Restate the data exactly as given and keep the pictures out.

> RECORDS PROVIDED:
[Start of section]

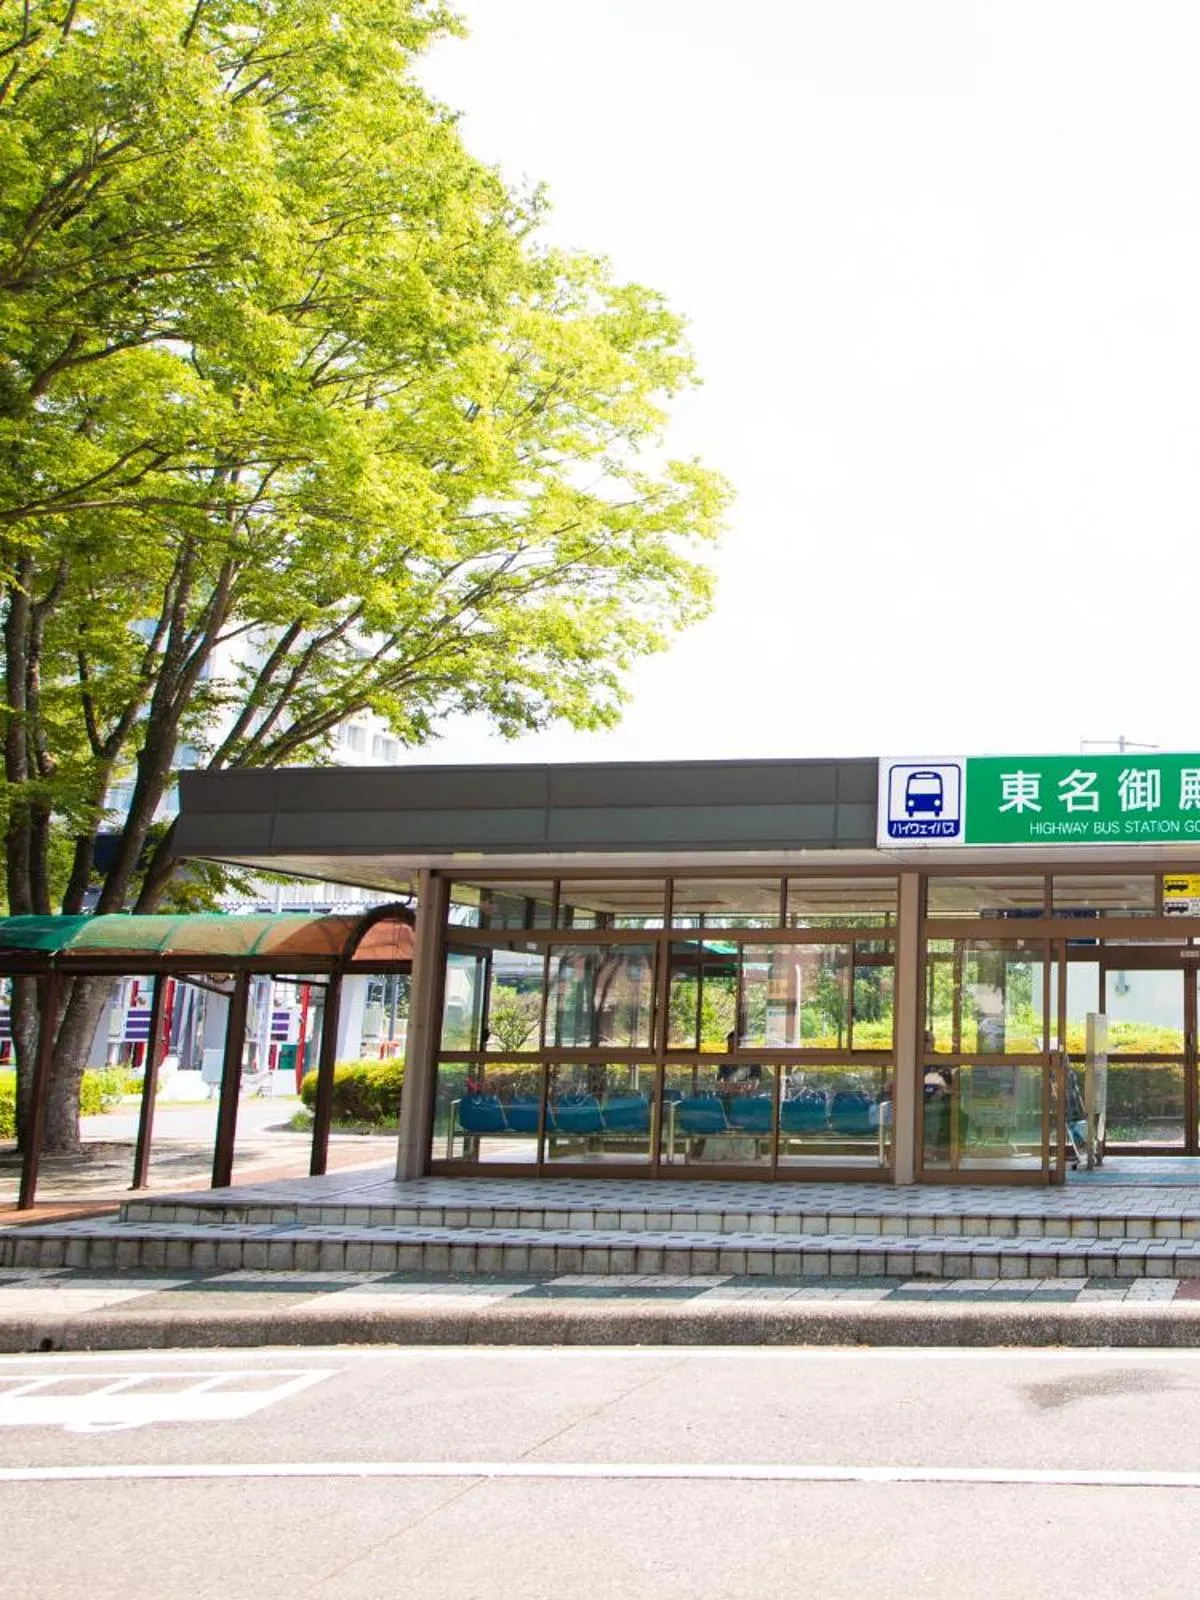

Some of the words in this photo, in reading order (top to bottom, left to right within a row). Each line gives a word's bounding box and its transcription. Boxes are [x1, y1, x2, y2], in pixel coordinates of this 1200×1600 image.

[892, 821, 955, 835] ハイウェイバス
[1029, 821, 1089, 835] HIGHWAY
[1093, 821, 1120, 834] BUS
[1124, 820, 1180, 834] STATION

[End of section]

> WRITTEN ANSWER:
Some of the words in this photo, in reading order (top to bottom, left to right within a row). Each line gives a word's bounding box and its transcription. Boxes are [x1, y1, x2, y2], in pixel coordinates of this 1200×1600 image.

[892, 821, 955, 835] ハイウェイバス
[1029, 821, 1089, 835] HIGHWAY
[1093, 821, 1120, 834] BUS
[1124, 820, 1180, 834] STATION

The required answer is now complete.